Autour du temps qui s’écoule imperturbable et de son issue inéluctable, Juan Díaz Canalès met à plat une certaine conception de la vie. Plutôt que de s’essayer à de métaphysiques circonvolutions, il ancre son récit dans les quartiers populaires de Madrid, peuplés de cette classe moyenne qui voit la crise doucement l’entrainer vers la paupérisation. À travers le destin de Niceto, ancien militant républicain, il est alors question de désillusion - au travers d’un fils catholique fervent -, mais également d’espoir en l’avenir grâce à un petit-fils plus près de Podemos que du Partido Popular. Présenté comme un polar, Au fil de l’eau utilise une série de meurtres comme fil rouge, mais relève plutôt de la chronique sociale du temps qui court à travers les générations et qui finalement met tout le monde face à sa finitude.
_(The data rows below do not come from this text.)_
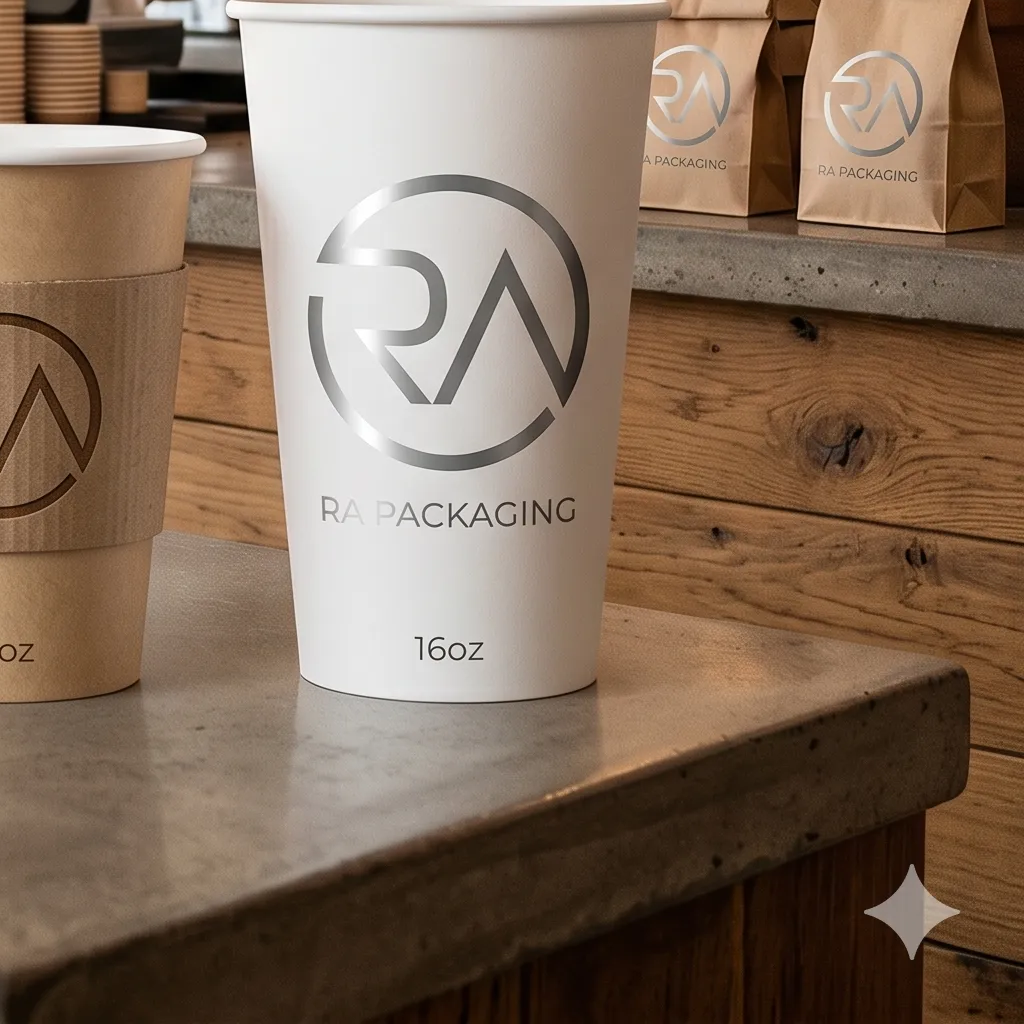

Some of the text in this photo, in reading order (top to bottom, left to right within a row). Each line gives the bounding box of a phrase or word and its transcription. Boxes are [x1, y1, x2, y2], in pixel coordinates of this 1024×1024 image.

[643, 155, 728, 171] A PACKAGING
[818, 164, 918, 183] RA PACKAGING
[320, 495, 576, 528] RA PACKAGING
[414, 636, 484, 661] 16oz
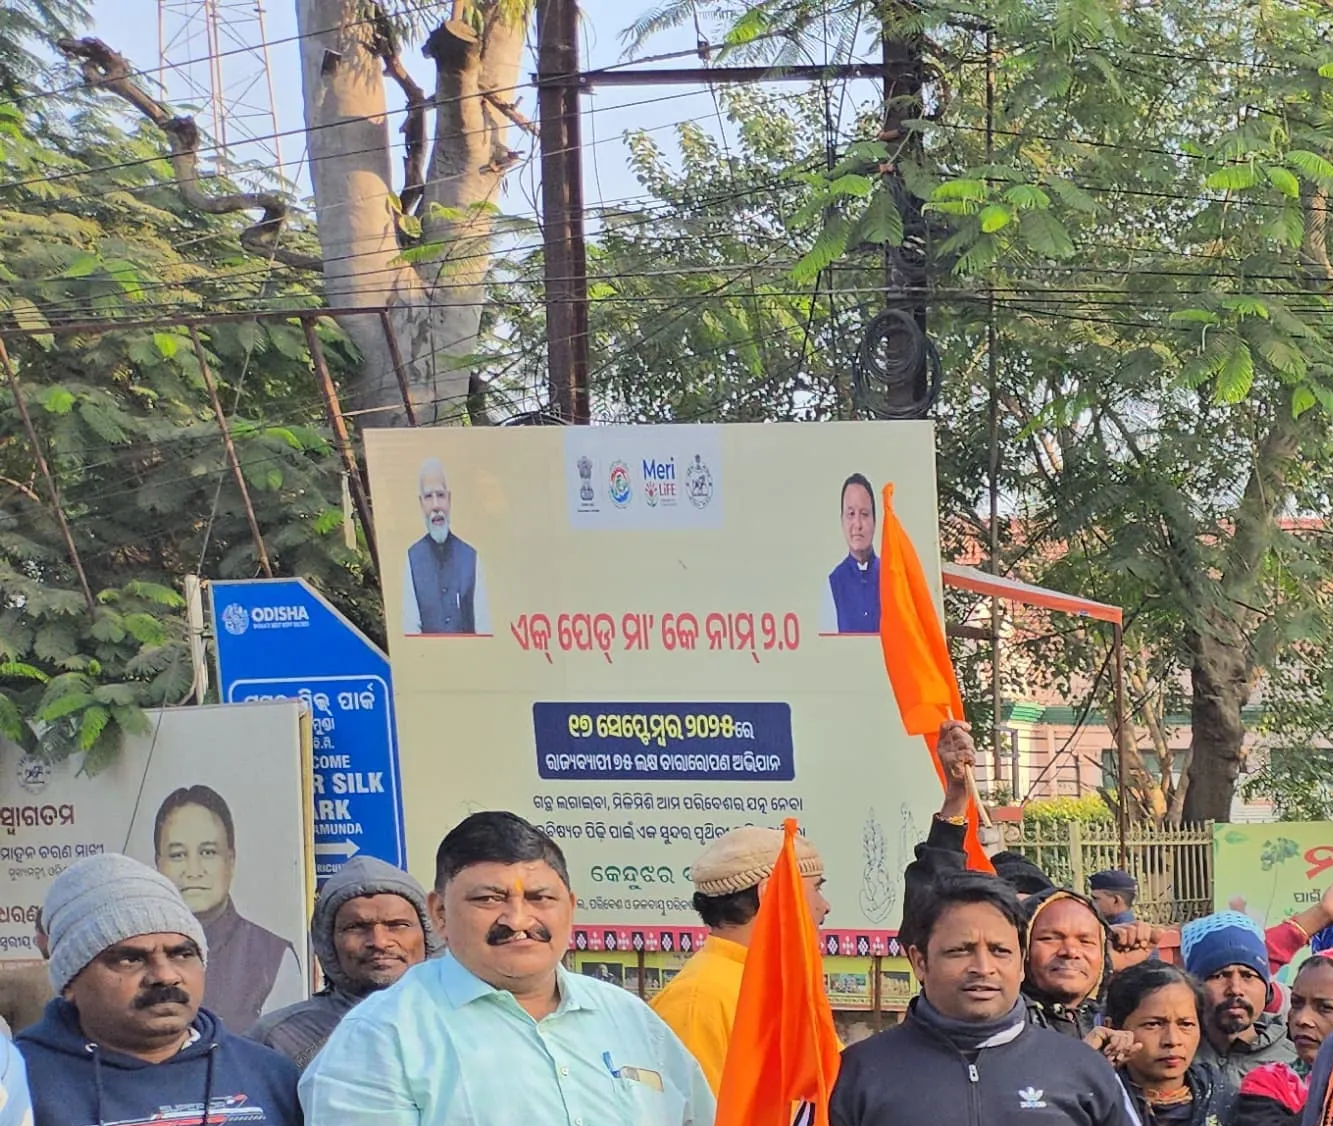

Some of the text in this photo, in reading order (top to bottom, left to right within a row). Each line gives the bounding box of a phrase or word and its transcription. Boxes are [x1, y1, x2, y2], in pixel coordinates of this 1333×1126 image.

[642, 456, 676, 480] Meri
[658, 482, 677, 497] LiFE
[251, 605, 310, 623] ODISHA
[661, 612, 699, 651] କେ
[705, 612, 760, 663] ନାମ୍
[337, 682, 376, 710] ପାର୍କ
[568, 714, 593, 738] ୧୭
[312, 754, 351, 769] COME
[332, 772, 385, 794] SILK
[656, 795, 682, 811] ଆମ
[770, 795, 803, 812] ନେବା
[636, 825, 657, 840] ଏକ
[591, 865, 675, 890] କେନ୍ଦୁଝର
Niceto en a pleinement conscience, mais n’espère-t-il pas qu’un peu de lui-même subsistera quand son futur arrière-petit-fils naîtra ? Face à tant de matière et quelques jolis passages, le scénario se trouve à l’étroit même sur quatre-vingt-dix planches et il n’aurait pas été inutile de s’attarder plus sur la psychologie de personnages trop nombreux pour être pleinement approfondis. Toutefois l’essentiel est dit, mais l’indicible - propre aux relations humaines - peine à prendre toute son ampleur.
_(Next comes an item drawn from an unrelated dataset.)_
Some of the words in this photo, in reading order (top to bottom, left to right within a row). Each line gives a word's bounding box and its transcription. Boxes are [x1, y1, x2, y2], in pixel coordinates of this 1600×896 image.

Si Juan Díaz Canalès n’a pratiquement plus rien à prouver en matière de scénario, c’est sur son dessin qu’il se met en danger. Après un prologue riche de belles promesses, la suite s’avère plus déconcertante. Alors que les décors sont parfaitement maîtrisés à l’image de la couverture de la version espagnole, les personnages ne font pas toujours preuve de la même maturité laissant encore une marge de progression dans la fluidité du trait ainsi que dans la finesse de certains encrages par trop appuyés, mais desquels se dégage une empathie qui recentre l'album sur les valeurs qui le sous-tendent.
À sa manière, Au fil de l’eau contribue à démontrer qu'une chronique reste, avant tout, un exercice subjectif !
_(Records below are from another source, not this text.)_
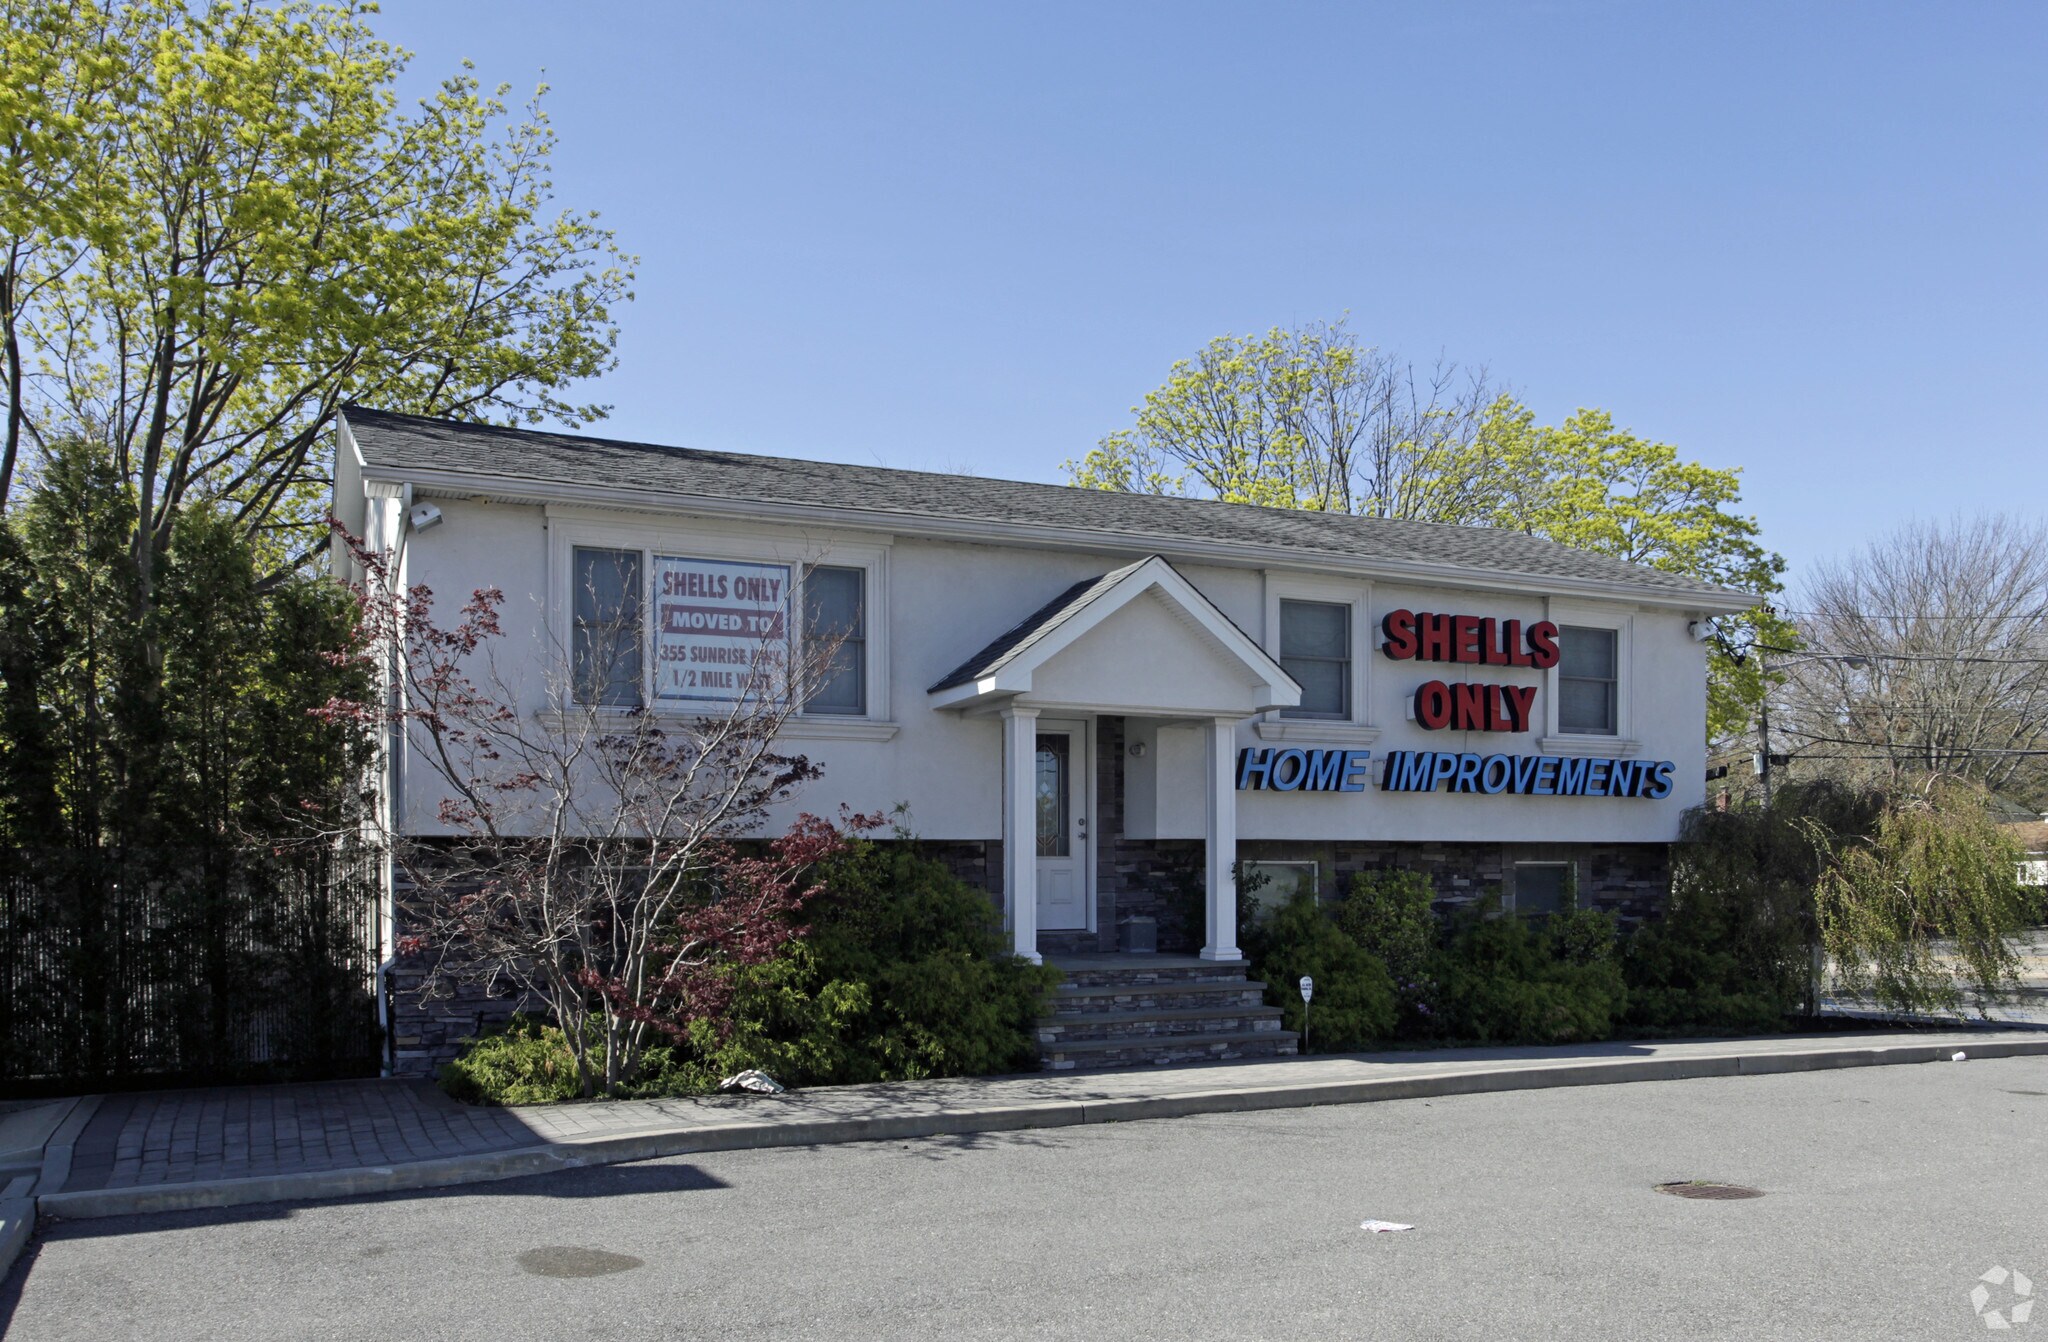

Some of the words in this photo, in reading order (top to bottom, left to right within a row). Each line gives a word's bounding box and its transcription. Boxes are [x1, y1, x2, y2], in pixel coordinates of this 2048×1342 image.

[662, 571, 728, 599] SHELLS
[734, 576, 781, 602] ONLY
[672, 611, 742, 631] MOVED
[747, 616, 773, 632] TO
[1382, 609, 1560, 669] SHELLS
[661, 645, 686, 662] 355
[690, 646, 746, 665] SUNRISE
[673, 669, 696, 689] 1/2
[701, 671, 732, 689] MILE
[1413, 680, 1537, 732] ONLY
[1236, 747, 1370, 793] HOME
[1382, 751, 1676, 799] IMPROVEMENTS
Cette histoire m’a vraiment mis mal à l’aise. La vie d’octogénaires à Madrid qui font un trafic d’objet volés ! Ils ont eu une vie extrêmement dure et ne peuvent prétendre à une retraite convenable tel que tout un chacun est en droit d’imaginer. Ce livre est sombre, tellement sombre que je n’y aperçois aucun rayon de soleil concernant l’avenir. Niceto a un vrai problème concernant les raisons de l’existence et sa réflexion sur l’immortalité, même si elle bien réelle, doit être mise de côté sinon pourquoi vivre ?
Les dessins sont excellents, mais quel besoin de faire une histoire pareille ? Du coup, je trouve que les assassinats des amis de Niceto passent au second plan et que tout ce pessimisme ambiant brise une histoire qui aurait pu être remarquable.